Go through the lines below and repeat each one exactly, skipping pictures.

····················

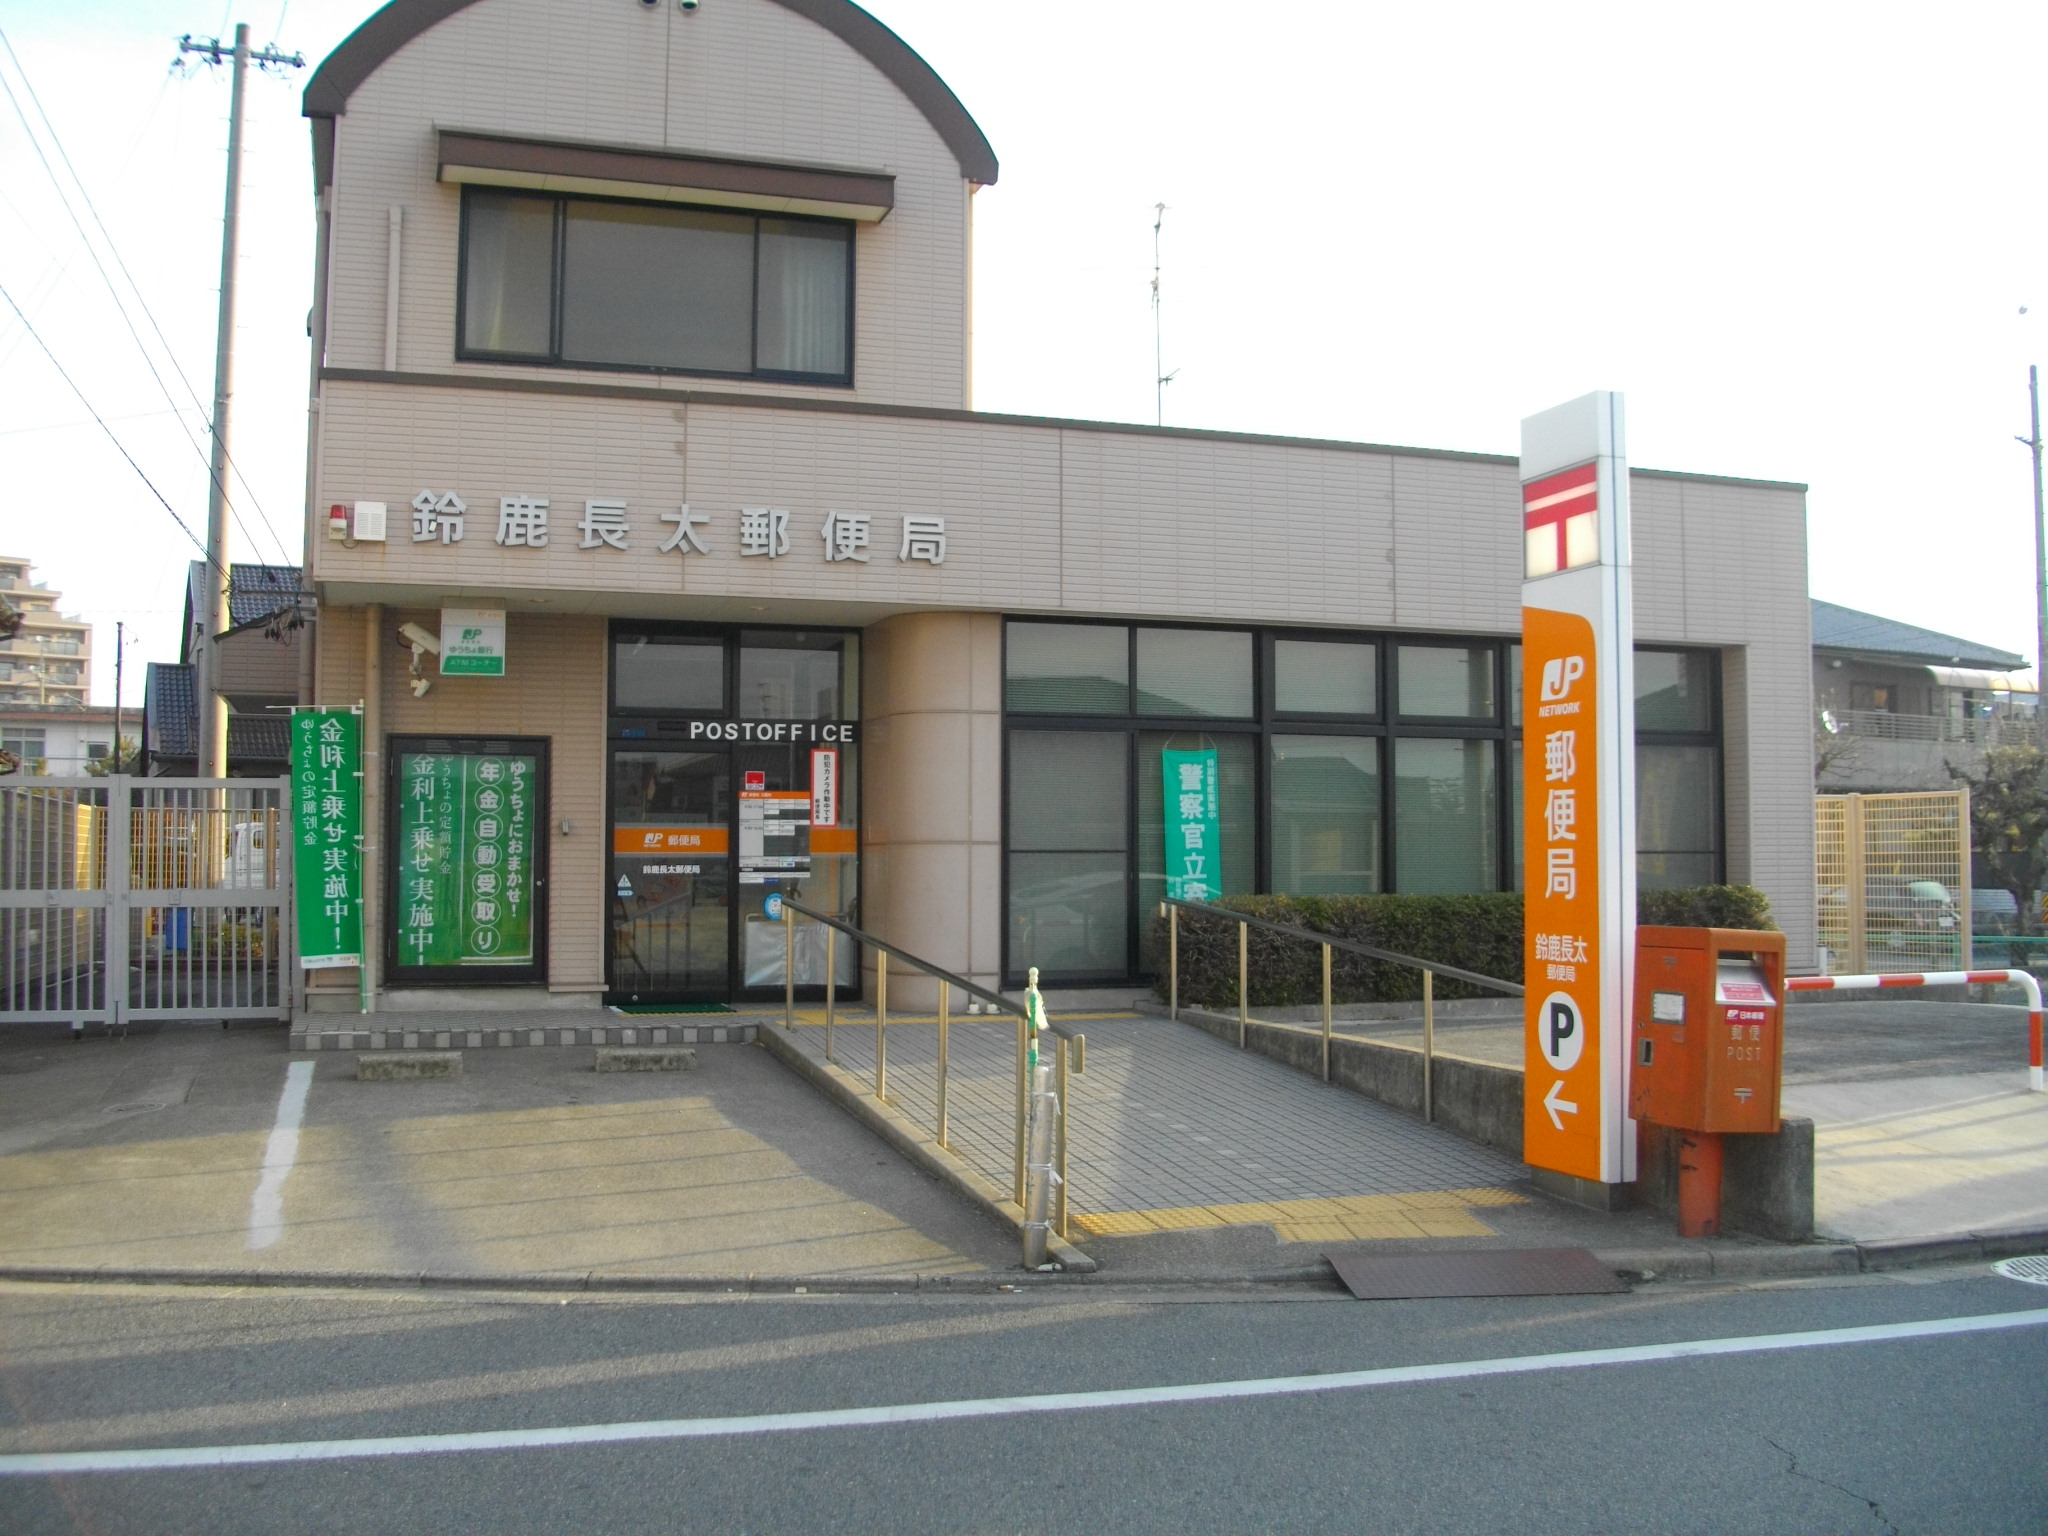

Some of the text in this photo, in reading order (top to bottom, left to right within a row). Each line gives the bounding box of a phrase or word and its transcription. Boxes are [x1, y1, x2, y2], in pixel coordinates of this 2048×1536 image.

[412, 489, 947, 566] 鈴鹿長太郵便局
[1538, 702, 1581, 718] NETWORK
[823, 754, 831, 823] 防犯カメラ作動中です
[1544, 730, 1577, 900] 郵便局
[474, 760, 502, 952] 年金自動受取り
[668, 834, 701, 847] 郵便局
[643, 865, 701, 874] 鈴鹿長太郵便局
[1535, 932, 1588, 963] 鈴鹿長太
[1546, 964, 1576, 982] 郵便局
[1550, 1002, 1575, 1057] P
[1727, 1047, 1762, 1060] POST
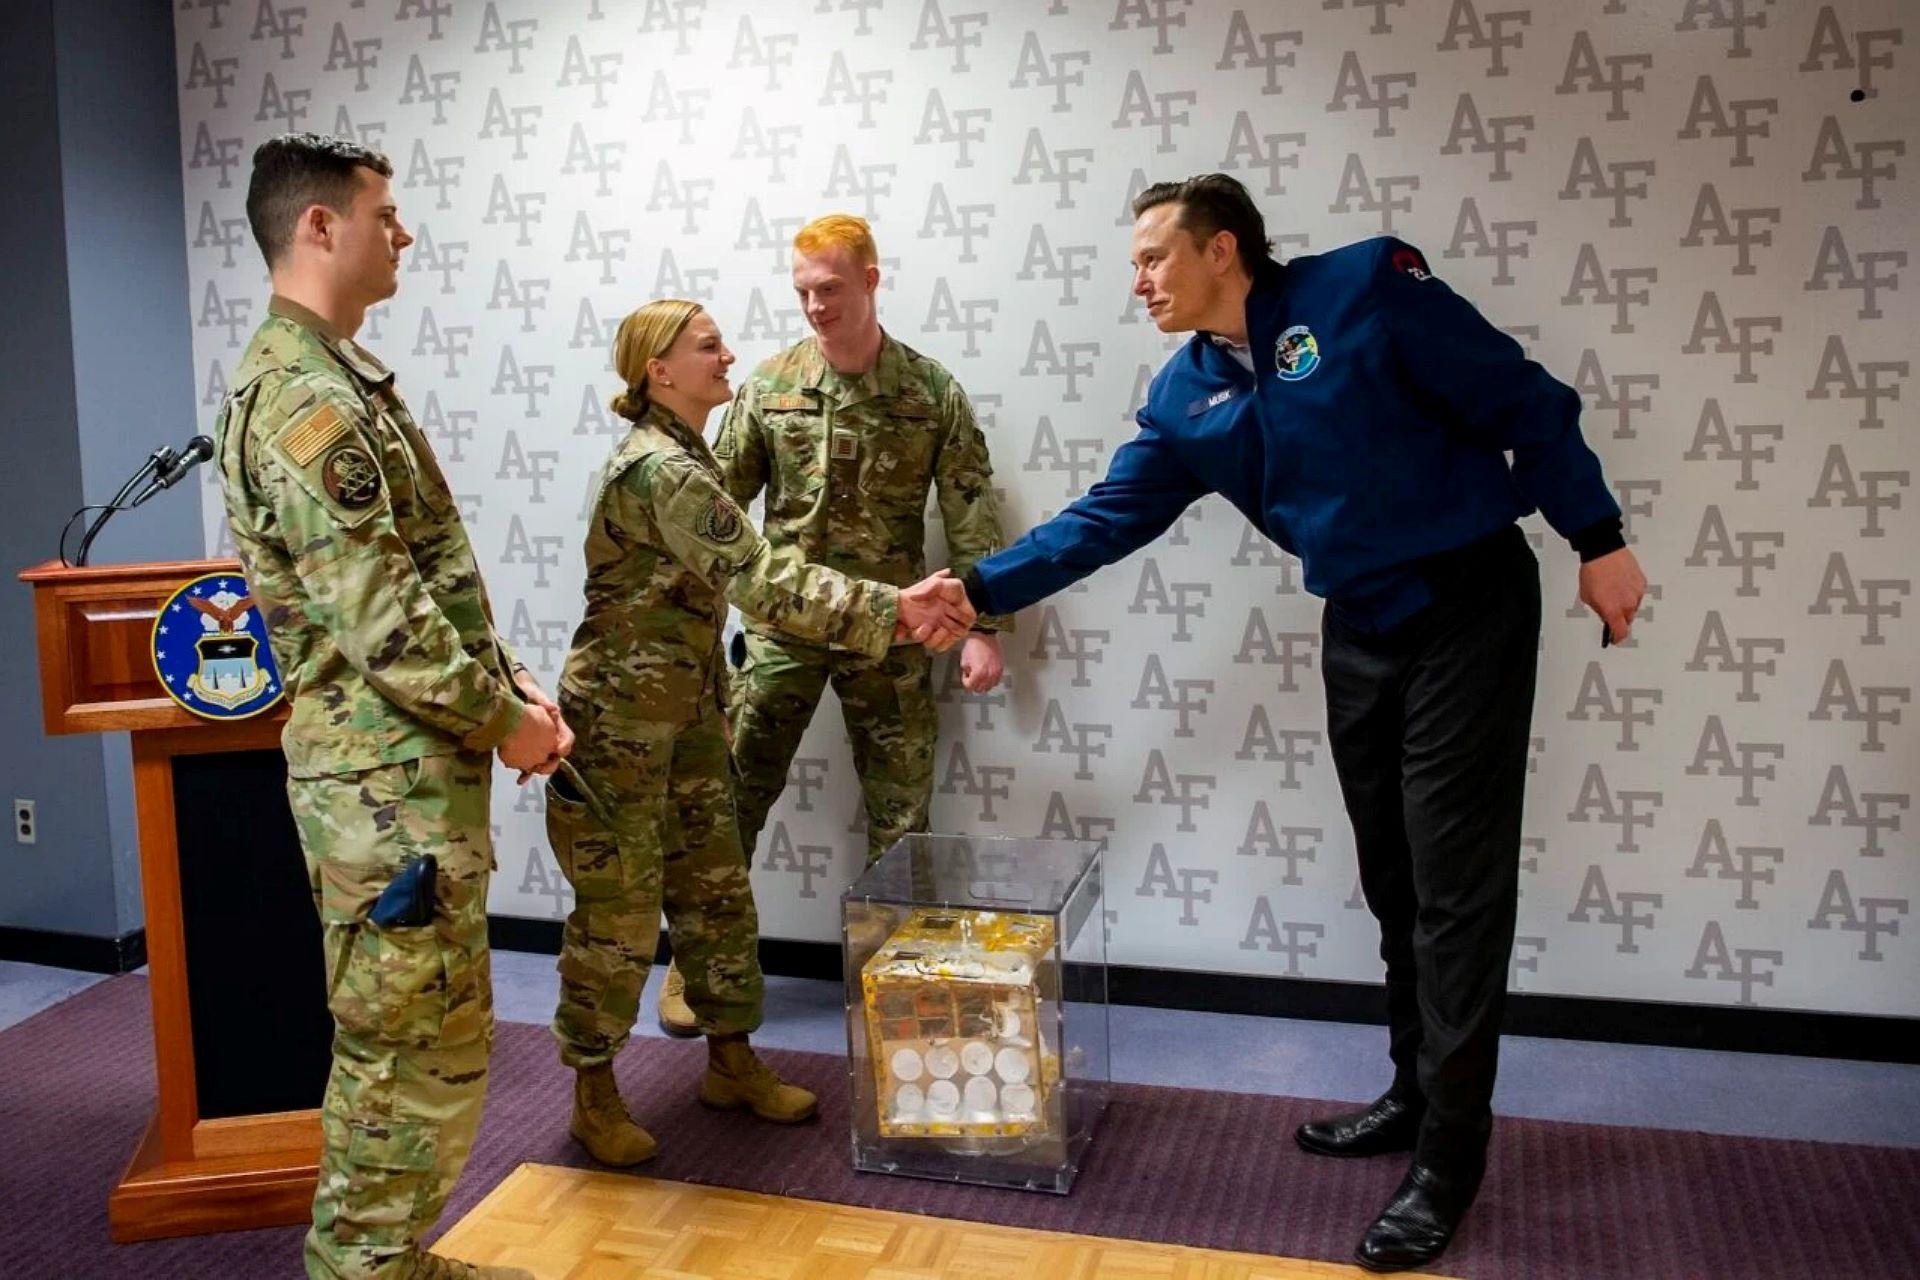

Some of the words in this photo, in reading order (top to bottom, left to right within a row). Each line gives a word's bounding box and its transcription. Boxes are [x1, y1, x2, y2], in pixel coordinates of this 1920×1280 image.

[250, 0, 306, 59] AF
[324, 22, 382, 91] AF
[474, 1, 538, 73] AF
[726, 15, 798, 91] AF
[910, 0, 988, 73] AF
[1216, 10, 1303, 95] AF
[1437, 0, 1531, 77] AF
[1799, 6, 1903, 98] AF
[185, 42, 239, 108] AF
[255, 72, 311, 132] AF
[399, 54, 460, 125] AF
[557, 35, 622, 108] AF
[641, 70, 711, 144] AF
[818, 51, 893, 129] AF
[1009, 31, 1090, 113] AF
[1112, 70, 1196, 153] AF
[1326, 51, 1416, 137] AF
[1555, 31, 1652, 121] AF
[189, 122, 243, 188] AF
[478, 88, 542, 160] AF
[561, 122, 626, 197] AF
[730, 106, 802, 183] AF
[914, 88, 991, 168] AF
[1220, 111, 1306, 195] AF
[1440, 93, 1534, 181] AF
[1677, 75, 1778, 167] AF
[404, 138, 464, 210] AF
[646, 159, 714, 234] AF
[822, 144, 897, 220] AF
[1012, 127, 1093, 209] AF
[1329, 153, 1420, 235] AF
[1558, 137, 1655, 227] AF
[1802, 116, 1905, 210] AF
[193, 201, 247, 267] AF
[482, 174, 546, 246] AF
[564, 211, 630, 284] AF
[734, 197, 805, 274] AF
[917, 183, 995, 263] AF
[1443, 198, 1537, 285] AF
[1680, 183, 1780, 275] AF
[407, 222, 469, 294] AF
[486, 259, 550, 332] AF
[1016, 224, 1097, 305] AF
[1561, 244, 1657, 334] AF
[1804, 226, 1907, 319] AF
[199, 280, 251, 347] AF
[413, 307, 473, 378] AF
[921, 277, 998, 357] AF
[1682, 291, 1782, 383] AF
[202, 359, 231, 405] A
[491, 345, 554, 418] AF
[1020, 320, 1100, 402] AF
[1208, 389, 1231, 408] MUSK
[1575, 349, 1659, 439] AF
[1806, 335, 1909, 429] AF
[495, 430, 558, 503] AF
[1023, 415, 1103, 497] AF
[1684, 398, 1783, 490] AF
[1611, 480, 1661, 544] F
[1807, 444, 1910, 537] AF
[500, 514, 564, 588] AF
[1685, 505, 1784, 597] AF
[509, 598, 568, 672] AF
[1128, 559, 1211, 642] AF
[1808, 552, 1910, 645] AF
[1029, 606, 1110, 687] AF
[1233, 607, 1319, 692] AF
[1685, 611, 1784, 702] AF
[1131, 654, 1214, 737] AF
[1567, 662, 1662, 751] AF
[1809, 659, 1910, 752] AF
[1033, 699, 1112, 780] AF
[1235, 705, 1320, 789] AF
[1685, 715, 1784, 806] AF
[787, 758, 829, 811] F
[939, 742, 1015, 821] AF
[1133, 749, 1216, 832] AF
[1567, 764, 1663, 853] AF
[1808, 765, 1910, 857] AF
[762, 821, 832, 898] AF
[1237, 801, 1322, 885] AF
[1685, 819, 1784, 910] AF
[1136, 843, 1218, 926] AF
[1568, 865, 1662, 954] AF
[1808, 870, 1908, 961] AF
[1239, 895, 1324, 975] AF
[1684, 921, 1783, 1006] AF
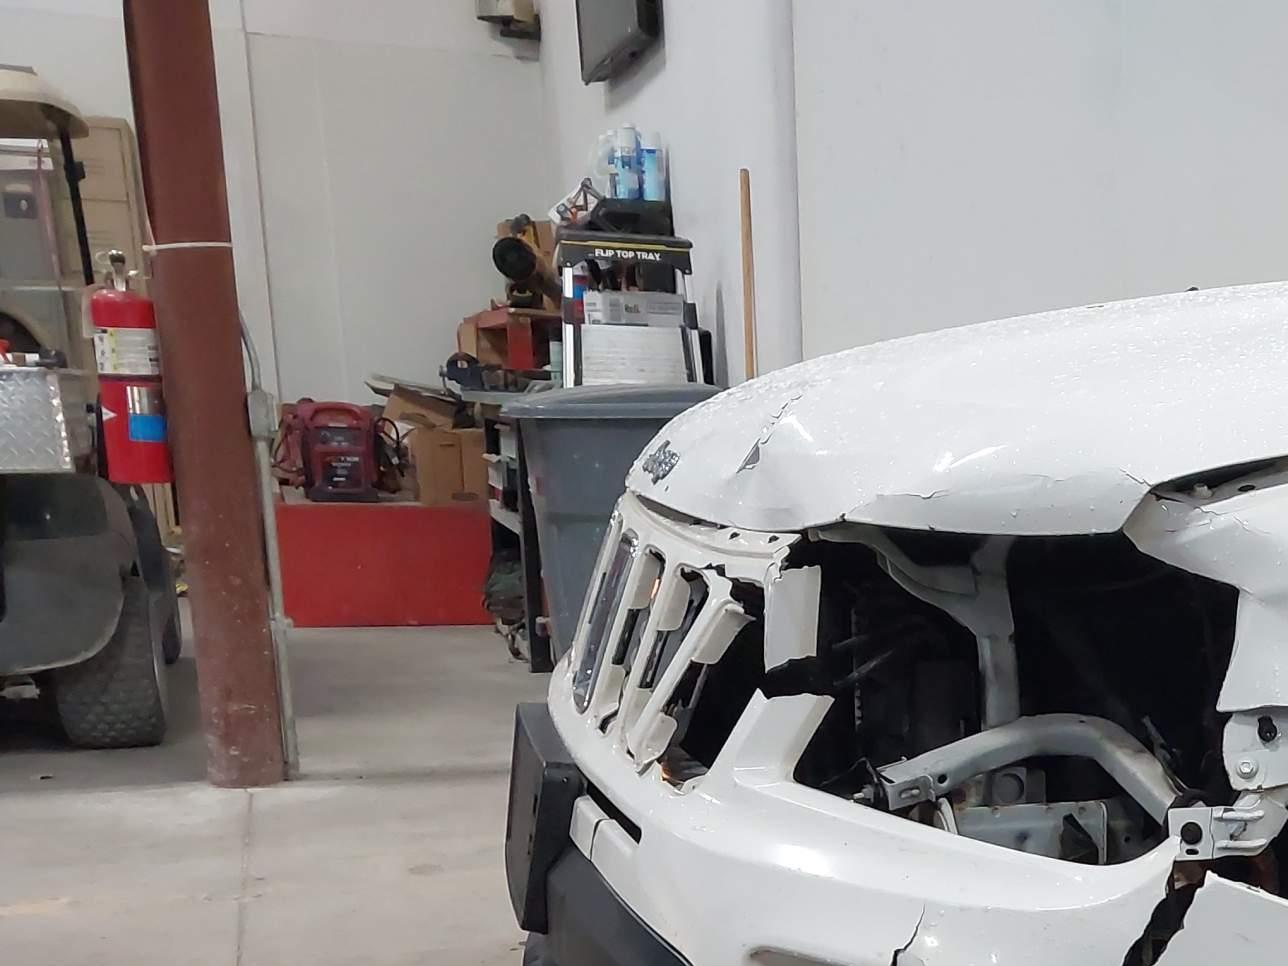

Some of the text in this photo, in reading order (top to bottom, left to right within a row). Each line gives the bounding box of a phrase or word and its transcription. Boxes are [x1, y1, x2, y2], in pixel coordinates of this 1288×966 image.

····················

| Result for this exercise |
Some of the text in this photo, in reading order (top to bottom, left to right within a row). Each line gives the bounding box of a phrase or word and its transcription. Boxes are [x1, y1, x2, y2], in pixel coordinates of this 2048×1536 image.

[412, 489, 947, 566] 鈴鹿長太郵便局
[1538, 702, 1581, 718] NETWORK
[823, 754, 831, 823] 防犯カメラ作動中です
[1544, 730, 1577, 900] 郵便局
[474, 760, 502, 952] 年金自動受取り
[668, 834, 701, 847] 郵便局
[643, 865, 701, 874] 鈴鹿長太郵便局
[1535, 932, 1588, 963] 鈴鹿長太
[1546, 964, 1576, 982] 郵便局
[1550, 1002, 1575, 1057] P
[1727, 1047, 1762, 1060] POST

Some of the words in this photo, in reading order (top to bottom, left to right within a row). Each line gives a word's bounding box and its transcription. Boxes are [x1, y1, x2, y2], in pixel coordinates of this 1920×1280 image.

[250, 0, 306, 59] AF
[324, 22, 382, 91] AF
[474, 1, 538, 73] AF
[726, 15, 798, 91] AF
[910, 0, 988, 73] AF
[1216, 10, 1303, 95] AF
[1437, 0, 1531, 77] AF
[1799, 6, 1903, 98] AF
[185, 42, 239, 108] AF
[255, 72, 311, 132] AF
[399, 54, 460, 125] AF
[557, 35, 622, 108] AF
[641, 70, 711, 144] AF
[818, 51, 893, 129] AF
[1009, 31, 1090, 113] AF
[1112, 70, 1196, 153] AF
[1326, 51, 1416, 137] AF
[1555, 31, 1652, 121] AF
[189, 122, 243, 188] AF
[478, 88, 542, 160] AF
[561, 122, 626, 197] AF
[730, 106, 802, 183] AF
[914, 88, 991, 168] AF
[1220, 111, 1306, 195] AF
[1440, 93, 1534, 181] AF
[1677, 75, 1778, 167] AF
[404, 138, 464, 210] AF
[646, 159, 714, 234] AF
[822, 144, 897, 220] AF
[1012, 127, 1093, 209] AF
[1329, 153, 1420, 235] AF
[1558, 137, 1655, 227] AF
[1802, 116, 1905, 210] AF
[193, 201, 247, 267] AF
[482, 174, 546, 246] AF
[564, 211, 630, 284] AF
[734, 197, 805, 274] AF
[917, 183, 995, 263] AF
[1443, 198, 1537, 285] AF
[1680, 183, 1780, 275] AF
[407, 222, 469, 294] AF
[486, 259, 550, 332] AF
[1016, 224, 1097, 305] AF
[1561, 244, 1657, 334] AF
[1804, 226, 1907, 319] AF
[199, 280, 251, 347] AF
[413, 307, 473, 378] AF
[921, 277, 998, 357] AF
[1682, 291, 1782, 383] AF
[202, 359, 231, 405] A
[491, 345, 554, 418] AF
[1020, 320, 1100, 402] AF
[1208, 389, 1231, 408] MUSK
[1575, 349, 1659, 439] AF
[1806, 335, 1909, 429] AF
[495, 430, 558, 503] AF
[1023, 415, 1103, 497] AF
[1684, 398, 1783, 490] AF
[1611, 480, 1661, 544] F
[1807, 444, 1910, 537] AF
[500, 514, 564, 588] AF
[1685, 505, 1784, 597] AF
[509, 598, 568, 672] AF
[1128, 559, 1211, 642] AF
[1808, 552, 1910, 645] AF
[1029, 606, 1110, 687] AF
[1233, 607, 1319, 692] AF
[1685, 611, 1784, 702] AF
[1131, 654, 1214, 737] AF
[1567, 662, 1662, 751] AF
[1809, 659, 1910, 752] AF
[1033, 699, 1112, 780] AF
[1235, 705, 1320, 789] AF
[1685, 715, 1784, 806] AF
[787, 758, 829, 811] F
[939, 742, 1015, 821] AF
[1133, 749, 1216, 832] AF
[1567, 764, 1663, 853] AF
[1808, 765, 1910, 857] AF
[762, 821, 832, 898] AF
[1237, 801, 1322, 885] AF
[1685, 819, 1784, 910] AF
[1136, 843, 1218, 926] AF
[1568, 865, 1662, 954] AF
[1808, 870, 1908, 961] AF
[1239, 895, 1324, 975] AF
[1684, 921, 1783, 1006] AF

Some of the text in this photo, in reading order (top to bottom, left to right within a row). Each line gives the bounding box of a phrase or word and its transcription. Boxes are [x1, y1, x2, y2], in pixel coordinates of this 1288×966 image.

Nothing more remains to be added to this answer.